Exercise details: Output every entry exactly as written, skipping any pictures.

Provided data:
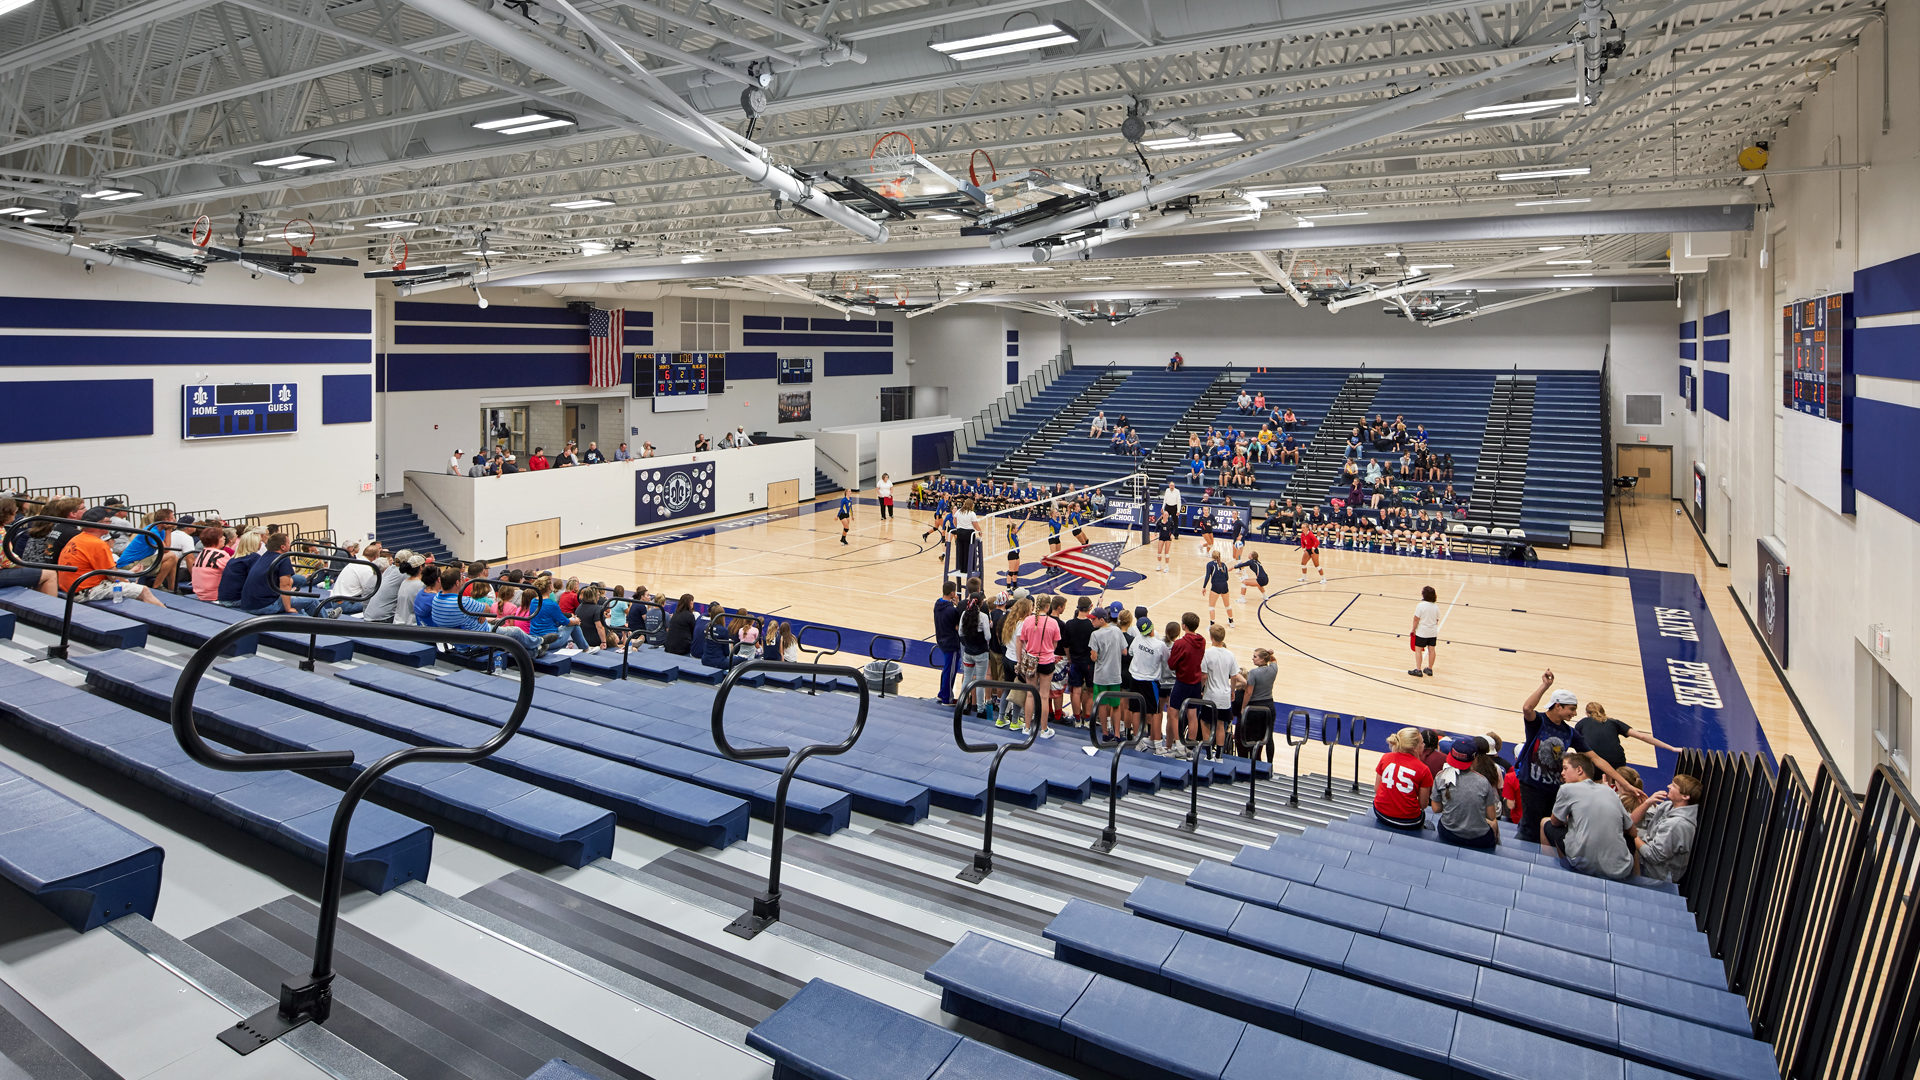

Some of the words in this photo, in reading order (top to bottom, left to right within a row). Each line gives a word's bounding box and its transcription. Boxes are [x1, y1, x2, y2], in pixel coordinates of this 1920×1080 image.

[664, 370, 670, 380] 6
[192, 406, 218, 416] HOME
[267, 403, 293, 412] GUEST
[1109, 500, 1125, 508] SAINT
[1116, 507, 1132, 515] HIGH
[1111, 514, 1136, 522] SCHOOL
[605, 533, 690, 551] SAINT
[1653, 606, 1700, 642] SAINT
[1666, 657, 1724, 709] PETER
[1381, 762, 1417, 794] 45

Result:
Some of the words in this photo, in reading order (top to bottom, left to right within a row). Each line gives a word's bounding box and its transcription. Boxes are [x1, y1, x2, y2], in pixel coordinates of this 1920×1080 image.

[664, 370, 670, 380] 6
[192, 406, 218, 416] HOME
[267, 403, 293, 412] GUEST
[1109, 500, 1125, 508] SAINT
[1116, 507, 1132, 515] HIGH
[1111, 514, 1136, 522] SCHOOL
[605, 533, 690, 551] SAINT
[1653, 606, 1700, 642] SAINT
[1666, 657, 1724, 709] PETER
[1381, 762, 1417, 794] 45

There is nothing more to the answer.